JV'S
KILLER POKER: CONSISTENCY
BY:
John Vorhaus
To prove that my high school years
were more than a teenage wasteland of
nickel-ante poker games and futile assaults
on the virtues of various young ladies,
I now quote Ralph Waldo Emerson, who I
studied extensively (or so I am told)
in American literature class, and who
had this, among many other (or so I am
told) pithy things to say:
A
foolish consistency is the hobgoblin of
little minds.
How,
you might ask, does this amorphous aphorism,
foisted upon me in Am lit class, apply
to poker? And glad I am that you ask,
for otherwise this would indeed be a meaningless
musing upon virtues and nickels long squandered
or lost, and not the erudite Emersonian
essay that it will momentarily prove to
be.
Okay,
here's the deal: To win at poker, you
have to play consistently good poker.
This we know. All the pundits agree
come with your A game or don't come at
all. Ah-ha, yes, but also to win at poker
you must occasionally play deceptive poker,
which means inconsistent poker, which
means not consistently good poker. We
have a paradox here, and I heighten its
importance immeasurably by setting it
off in italics in its own little paragraph:
For
the sake of deception, you must sometimes
play wrong on purpose.
Suppose
you're playing hold 'em, you're first
to act and you have 9-8 offsuit. This
hand is trash. You know it's trash, I
know it's trash, even the mooks you play
against know it's trash. The obvious decision
here is... fold. That's exactly the choice
that "quality poker" mandates.
But instead, in the name of seeding your
game with a little inconsistency, you
contemplate a raise. Of course we Killer
Poker players never hate to raise, but
in this case this raise is a horrible
play, a dreadful one, a stone-dead long-run
loser, as I'm sure that you and any self-respecting
computer simulation would swiftly and
enthusiastically agree (unlike those girls
in high school, who never swiftly and
enthusiastically agreed to any of my propositions,
though that's another story and not one,
I'm almost completely certain, appropriate
to this time and space.)
Frequently
this reckless raise will cost you both
your bets, because even if no one reraises
you before the flop you'll mostly miss
on the flop and have to throw that basura
away. (Basura is Spanish for rubbish;
did you think that I studied only Emerson
in high school?) But here's the thing:
On those rare times when you do connect
to this holding, none of the foolishly
consistent hobgoblins you play against
will put you on the hand you have. Plus
which, when you show down that ragamuffin
hand, you really confound the small minds,
so that when you next raise with a monster,
you can make A-A look like 9-8 to them.
That's when deception and inconsistency
the wrong play made at the right
time turn into winning poker the
Killer Poker way.
I
love this play. (Love it more than I loved
Stephanie Long, who I loved with all my
heart and body parts in 11th grade; but,
again, different subject.) I love to raise
situationally with hands that have to
hit the flop in order to work. You can
too, if you're shrewd enough and disciplined
enough to get away from the hand if it
misses, and perceptive enough and aggressive
enough to drive it home when it hits.
Of course you don't want to make this
play against wily opponents, but you generally
don't want to play against wily opponents
anyway; not if your smart. I know I've
made this point before, but I'll make
it again and, again, add italics for emphasis:
Don't
challenge strong opponents, challenge
weak ones; that's what they're there for.
Fortunately
for you, weakness and consistency go hand-in-hand.

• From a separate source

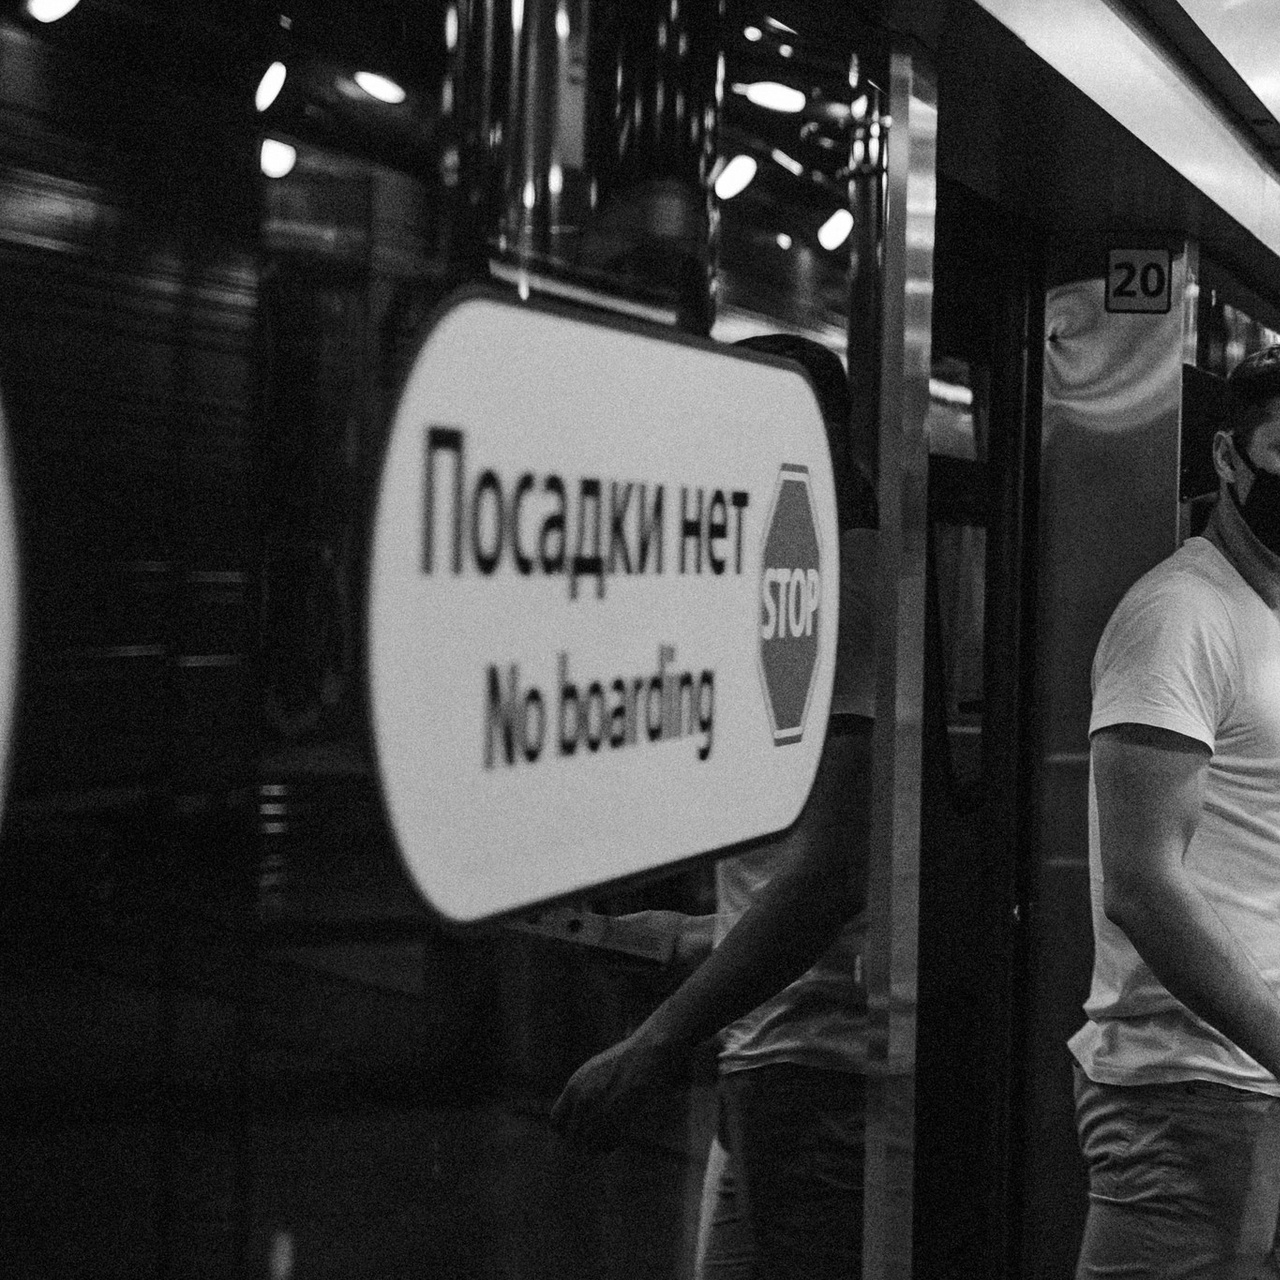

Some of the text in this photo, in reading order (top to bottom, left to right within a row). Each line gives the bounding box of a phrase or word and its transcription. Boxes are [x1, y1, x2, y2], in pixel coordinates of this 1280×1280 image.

For instance, weak opponents consistently
raise with only premium hands. This makes
them terribly easy to read, and there's
no reason on the planet for a Killer Poker
player ever to get trapped in a tangle
against them. For another instance, weak
opponents frequently make decisions based
not on what they think you have, but on
what they hope you have, and it
is to stimulate this wishful misthinking
that we get into the whole thing of consistent
inconsistency in the first place.
Suppose
your foe has Q-T offsuit, and you raise
into him. If you raised consistently with
only good cards, he'd know to put you
on a quality hand, A-K or a big pair.
He probably should fold, and possibly
even knows it. But he doesn't want to
fold. He wants to play; that's why he's
here. And that's why you flavor your play
with a little inconsistency. You want
to give this weak player every reason
to believe that you have the hand he wishes
you had instead of the hand you actually
do have. Thus he calls when he shouldn't,
and thus you crush him with his own delusive
thinking.
So,
yes, you're throwing off chips when you
raise incorrectly. But at the same time
you're encouraging your opponents to call
incorrectly. And since you play generally
better than they do (don't you?) you end
up making money on the margin. Can you
see the logic of this? I thought you could.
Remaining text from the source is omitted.